And the crickets chirp.Report

• Will says:

You’re changing the subject. We’re talking about the utility of statistical analysis in the context of calling plays, not Belichek’s roster-management skills.Report

• Freddie says:

OK, again– one set of statistics is that the Patriots had quite handily stopped the Colts the majority of the time in that game. Why do you privilege the other set of statistical data? My data is from the self same game. Surely there is no other data that so thoroughly meets the burden of being applicable to that situation than data from that same game.

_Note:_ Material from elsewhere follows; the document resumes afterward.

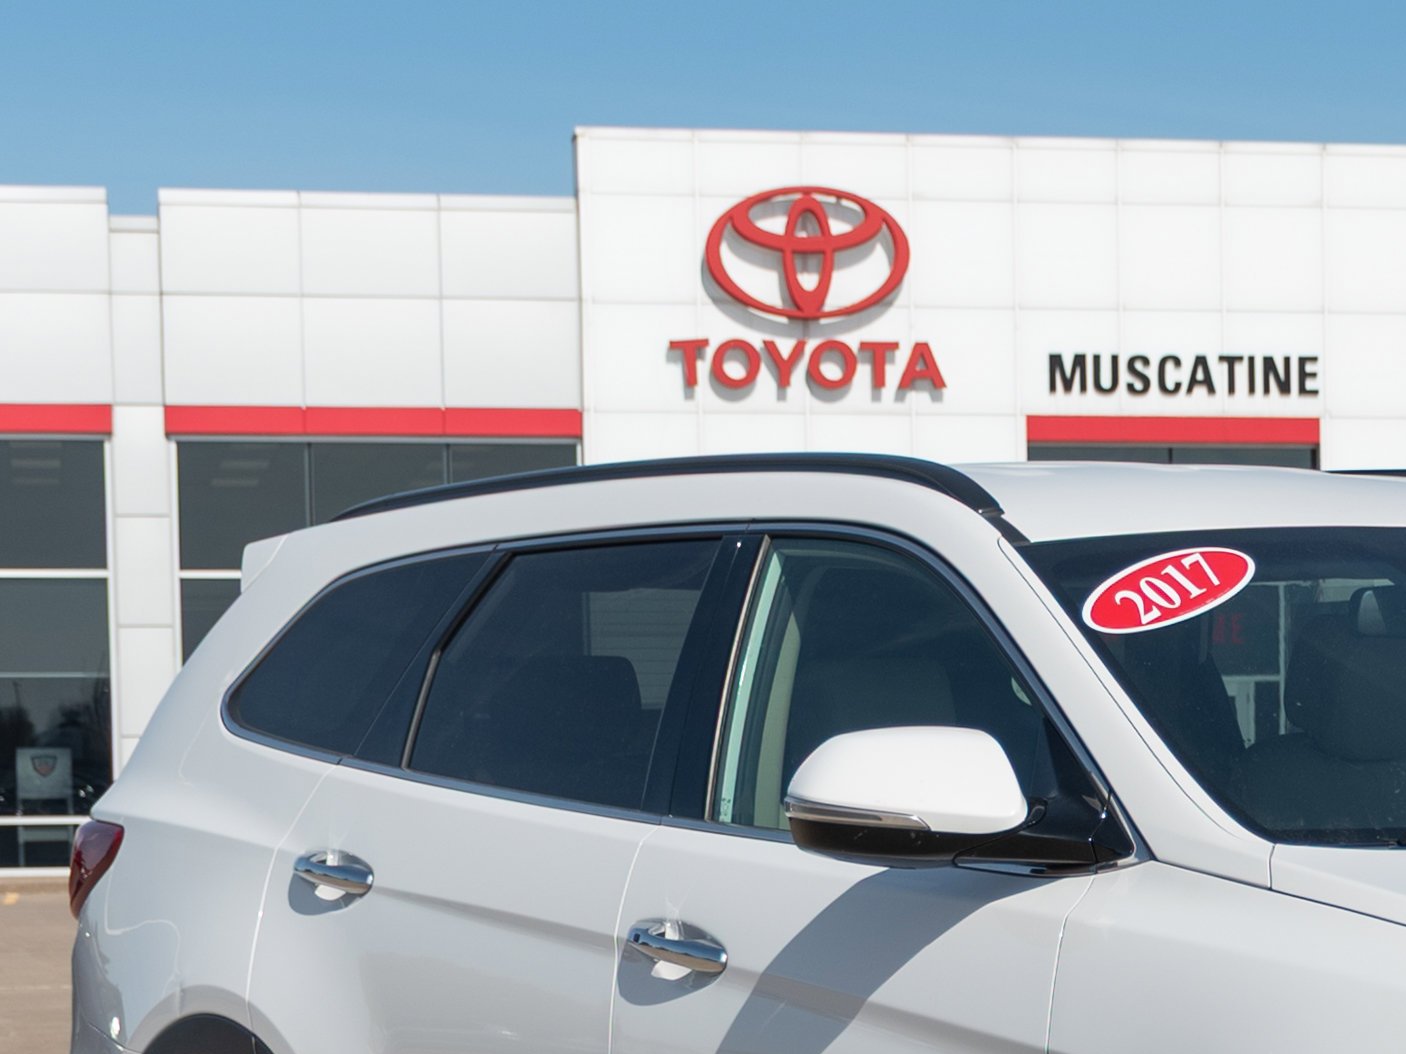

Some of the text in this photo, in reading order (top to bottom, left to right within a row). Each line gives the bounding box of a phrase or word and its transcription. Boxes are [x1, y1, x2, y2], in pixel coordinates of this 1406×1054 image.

[668, 338, 947, 391] TOYOTA
[1048, 353, 1319, 396] MUSCATINE
[1114, 552, 1221, 625] 2017

Again, the sports metrics world reveals its fundamental immaturity. The vast claims of superior predictive power are just utterly unfounded; go around and evaluate all of the season opening predictions of the metrics crowd and compare them to various other people making predictions based on other criteria. The metrics crowd, despite all of their crowing and their self-felating rhetoric, don’t have any consistently superior success to the other kinds of evaluation. If these advanced metrics are so powerful why is that the case?Report

• BCChase says:

At least for baseball you are wrong. Prediction systems like CHONE or from Bill James are often more accurate than more traditional, opinion-driven rating systems. For an example close to home, a lot of traditional decision-makers thought the Royals would win the AL Central this year. None of the numerical prediction systems bought it. I should have listened to the metrics more before I got my hopes up.

I think the more team-based sports like football and basketball are much harder to predict, and so the metrics focus on descriptive stats.Report

• Paul McLeod says:

If you were to construct a truly powerful empirical model (I won’t say “perfect” because any model creator should know that no such thing is possible), those 14 drives would likely be among your very most relevant and important data points…and they would still likely be dwarfed by the preponderance of the evidence. There’s so much data elsewhere that is still highly applicable to this situation that you would be foolish to ignore, even if on a point-by-point basis the other data is not as valuable.

The other thing you’re forgetting is that, based on historical success rates, teams only score touchdowns 53% of the time from the 30. They score touchdowns about 30% of the time after being punted to in that situation. Stretch those numbers as you will based on the game situation and the teams, Belichek was likely increasing the Colts’ chances of scoring by less than a factor of two by failing on fourth. And you have to figure that the Patriots are much more than 50% likely to gain two yards on a play.Report

• Dave says:

If he thought the 9/14 drives in that game were relevant I’m sure he would’ve punted. In his estimation, the fatigue and injuries (2 starting linemen, the “best” pass rushing LB AND his backup) rendered that particular statistic unreliable.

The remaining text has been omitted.